▸ **Work required**:
Starting from the first line below, repeat the data exactly through to the last.

BEGIN Records for the exercise

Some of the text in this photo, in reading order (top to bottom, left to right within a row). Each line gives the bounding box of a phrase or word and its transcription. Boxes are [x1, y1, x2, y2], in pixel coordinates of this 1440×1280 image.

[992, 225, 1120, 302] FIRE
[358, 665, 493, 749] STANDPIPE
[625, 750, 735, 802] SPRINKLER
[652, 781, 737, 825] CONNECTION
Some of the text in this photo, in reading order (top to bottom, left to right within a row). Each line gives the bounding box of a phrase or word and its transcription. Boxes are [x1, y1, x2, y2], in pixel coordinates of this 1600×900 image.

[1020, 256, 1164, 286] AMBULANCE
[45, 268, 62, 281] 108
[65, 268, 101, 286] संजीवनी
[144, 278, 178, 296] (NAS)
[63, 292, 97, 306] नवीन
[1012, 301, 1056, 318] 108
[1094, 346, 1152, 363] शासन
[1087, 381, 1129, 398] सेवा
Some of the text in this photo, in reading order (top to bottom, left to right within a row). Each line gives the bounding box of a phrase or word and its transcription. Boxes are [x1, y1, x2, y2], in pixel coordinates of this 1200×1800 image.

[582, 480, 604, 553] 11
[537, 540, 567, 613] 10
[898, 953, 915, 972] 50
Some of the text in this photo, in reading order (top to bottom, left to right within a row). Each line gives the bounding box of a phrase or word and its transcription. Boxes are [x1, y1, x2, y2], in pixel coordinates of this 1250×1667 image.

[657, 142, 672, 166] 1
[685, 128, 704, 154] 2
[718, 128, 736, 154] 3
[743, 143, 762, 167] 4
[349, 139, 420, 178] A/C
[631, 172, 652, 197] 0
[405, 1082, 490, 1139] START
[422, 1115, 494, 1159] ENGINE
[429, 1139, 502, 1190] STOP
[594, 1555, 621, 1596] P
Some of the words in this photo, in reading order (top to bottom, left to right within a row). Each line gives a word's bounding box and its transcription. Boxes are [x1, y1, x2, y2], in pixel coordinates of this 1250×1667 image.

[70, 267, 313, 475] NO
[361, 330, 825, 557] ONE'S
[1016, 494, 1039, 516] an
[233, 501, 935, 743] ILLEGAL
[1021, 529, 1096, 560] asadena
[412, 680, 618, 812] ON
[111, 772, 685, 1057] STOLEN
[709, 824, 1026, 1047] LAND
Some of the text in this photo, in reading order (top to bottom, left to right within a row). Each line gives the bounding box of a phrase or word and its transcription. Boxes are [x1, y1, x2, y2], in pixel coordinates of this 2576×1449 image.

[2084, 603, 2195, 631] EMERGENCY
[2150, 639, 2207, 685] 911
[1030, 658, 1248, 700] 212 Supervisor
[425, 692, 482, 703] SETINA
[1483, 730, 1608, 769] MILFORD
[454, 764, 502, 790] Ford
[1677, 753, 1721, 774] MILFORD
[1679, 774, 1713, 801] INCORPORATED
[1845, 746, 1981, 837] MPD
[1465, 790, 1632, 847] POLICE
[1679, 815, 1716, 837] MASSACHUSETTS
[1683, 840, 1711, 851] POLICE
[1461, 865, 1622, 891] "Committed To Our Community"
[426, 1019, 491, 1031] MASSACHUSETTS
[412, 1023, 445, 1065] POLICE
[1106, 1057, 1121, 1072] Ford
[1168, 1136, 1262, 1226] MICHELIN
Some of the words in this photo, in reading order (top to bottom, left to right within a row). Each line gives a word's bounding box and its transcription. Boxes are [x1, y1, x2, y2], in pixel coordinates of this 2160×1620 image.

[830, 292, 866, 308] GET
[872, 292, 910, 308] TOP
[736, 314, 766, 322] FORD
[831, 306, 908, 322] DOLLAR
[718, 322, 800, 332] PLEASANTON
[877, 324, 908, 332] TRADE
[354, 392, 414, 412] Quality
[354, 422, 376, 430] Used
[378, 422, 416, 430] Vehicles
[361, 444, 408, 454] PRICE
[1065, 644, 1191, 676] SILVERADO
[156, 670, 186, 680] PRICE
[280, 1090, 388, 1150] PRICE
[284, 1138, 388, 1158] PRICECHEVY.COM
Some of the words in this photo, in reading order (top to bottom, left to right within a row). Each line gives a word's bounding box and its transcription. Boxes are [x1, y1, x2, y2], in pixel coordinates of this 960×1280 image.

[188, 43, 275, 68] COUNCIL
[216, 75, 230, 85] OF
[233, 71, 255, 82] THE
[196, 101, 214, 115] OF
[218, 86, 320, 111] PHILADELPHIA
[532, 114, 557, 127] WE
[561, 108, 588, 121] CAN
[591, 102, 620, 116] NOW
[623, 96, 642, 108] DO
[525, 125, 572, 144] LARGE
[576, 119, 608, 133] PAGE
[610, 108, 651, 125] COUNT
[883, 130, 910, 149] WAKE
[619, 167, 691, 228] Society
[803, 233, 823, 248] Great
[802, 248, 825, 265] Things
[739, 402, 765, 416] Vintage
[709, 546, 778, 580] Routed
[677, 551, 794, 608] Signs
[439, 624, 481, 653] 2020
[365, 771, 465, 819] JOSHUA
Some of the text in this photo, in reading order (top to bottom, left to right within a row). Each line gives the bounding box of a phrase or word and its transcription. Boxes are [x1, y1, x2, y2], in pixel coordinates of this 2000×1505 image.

END Records for the exercise

▸ **Response to the exercise**:
Some of the text in this photo, in reading order (top to bottom, left to right within a row). Each line gives the bounding box of a phrase or word and its transcription. Boxes are [x1, y1, x2, y2], in pixel coordinates of this 1440×1280 image.

[992, 225, 1120, 302] FIRE
[358, 665, 493, 749] STANDPIPE
[625, 750, 735, 802] SPRINKLER
[652, 781, 737, 825] CONNECTION
Some of the text in this photo, in reading order (top to bottom, left to right within a row). Each line gives the bounding box of a phrase or word and its transcription. Boxes are [x1, y1, x2, y2], in pixel coordinates of this 1600×900 image.

[1020, 256, 1164, 286] AMBULANCE
[45, 268, 62, 281] 108
[65, 268, 101, 286] संजीवनी
[144, 278, 178, 296] (NAS)
[63, 292, 97, 306] नवीन
[1012, 301, 1056, 318] 108
[1094, 346, 1152, 363] शासन
[1087, 381, 1129, 398] सेवा
Some of the text in this photo, in reading order (top to bottom, left to right within a row). Each line gives the bounding box of a phrase or word and its transcription. Boxes are [x1, y1, x2, y2], in pixel coordinates of this 1200×1800 image.

[582, 480, 604, 553] 11
[537, 540, 567, 613] 10
[898, 953, 915, 972] 50
Some of the text in this photo, in reading order (top to bottom, left to right within a row). Each line gives the bounding box of a phrase or word and its transcription. Boxes are [x1, y1, x2, y2], in pixel coordinates of this 1250×1667 image.

[657, 142, 672, 166] 1
[685, 128, 704, 154] 2
[718, 128, 736, 154] 3
[743, 143, 762, 167] 4
[349, 139, 420, 178] A/C
[631, 172, 652, 197] 0
[405, 1082, 490, 1139] START
[422, 1115, 494, 1159] ENGINE
[429, 1139, 502, 1190] STOP
[594, 1555, 621, 1596] P
Some of the words in this photo, in reading order (top to bottom, left to right within a row). Each line gives a word's bounding box and its transcription. Boxes are [x1, y1, x2, y2], in pixel coordinates of this 1250×1667 image.

[70, 267, 313, 475] NO
[361, 330, 825, 557] ONE'S
[1016, 494, 1039, 516] an
[233, 501, 935, 743] ILLEGAL
[1021, 529, 1096, 560] asadena
[412, 680, 618, 812] ON
[111, 772, 685, 1057] STOLEN
[709, 824, 1026, 1047] LAND
Some of the text in this photo, in reading order (top to bottom, left to right within a row). Each line gives the bounding box of a phrase or word and its transcription. Boxes are [x1, y1, x2, y2], in pixel coordinates of this 2576×1449 image.

[2084, 603, 2195, 631] EMERGENCY
[2150, 639, 2207, 685] 911
[1030, 658, 1248, 700] 212 Supervisor
[425, 692, 482, 703] SETINA
[1483, 730, 1608, 769] MILFORD
[454, 764, 502, 790] Ford
[1677, 753, 1721, 774] MILFORD
[1679, 774, 1713, 801] INCORPORATED
[1845, 746, 1981, 837] MPD
[1465, 790, 1632, 847] POLICE
[1679, 815, 1716, 837] MASSACHUSETTS
[1683, 840, 1711, 851] POLICE
[1461, 865, 1622, 891] "Committed To Our Community"
[426, 1019, 491, 1031] MASSACHUSETTS
[412, 1023, 445, 1065] POLICE
[1106, 1057, 1121, 1072] Ford
[1168, 1136, 1262, 1226] MICHELIN
Some of the words in this photo, in reading order (top to bottom, left to right within a row). Each line gives a word's bounding box and its transcription. Boxes are [x1, y1, x2, y2], in pixel coordinates of this 2160×1620 image.

[830, 292, 866, 308] GET
[872, 292, 910, 308] TOP
[736, 314, 766, 322] FORD
[831, 306, 908, 322] DOLLAR
[718, 322, 800, 332] PLEASANTON
[877, 324, 908, 332] TRADE
[354, 392, 414, 412] Quality
[354, 422, 376, 430] Used
[378, 422, 416, 430] Vehicles
[361, 444, 408, 454] PRICE
[1065, 644, 1191, 676] SILVERADO
[156, 670, 186, 680] PRICE
[280, 1090, 388, 1150] PRICE
[284, 1138, 388, 1158] PRICECHEVY.COM
Some of the words in this photo, in reading order (top to bottom, left to right within a row). Each line gives a word's bounding box and its transcription. Boxes are [x1, y1, x2, y2], in pixel coordinates of this 960×1280 image.

[188, 43, 275, 68] COUNCIL
[216, 75, 230, 85] OF
[233, 71, 255, 82] THE
[196, 101, 214, 115] OF
[218, 86, 320, 111] PHILADELPHIA
[532, 114, 557, 127] WE
[561, 108, 588, 121] CAN
[591, 102, 620, 116] NOW
[623, 96, 642, 108] DO
[525, 125, 572, 144] LARGE
[576, 119, 608, 133] PAGE
[610, 108, 651, 125] COUNT
[883, 130, 910, 149] WAKE
[619, 167, 691, 228] Society
[803, 233, 823, 248] Great
[802, 248, 825, 265] Things
[739, 402, 765, 416] Vintage
[709, 546, 778, 580] Routed
[677, 551, 794, 608] Signs
[439, 624, 481, 653] 2020
[365, 771, 465, 819] JOSHUA
Some of the text in this photo, in reading order (top to bottom, left to right within a row). Each line gives the bounding box of a phrase or word and its transcription. Boxes are [x1, y1, x2, y2], in pixel coordinates of this 2000×1505 image.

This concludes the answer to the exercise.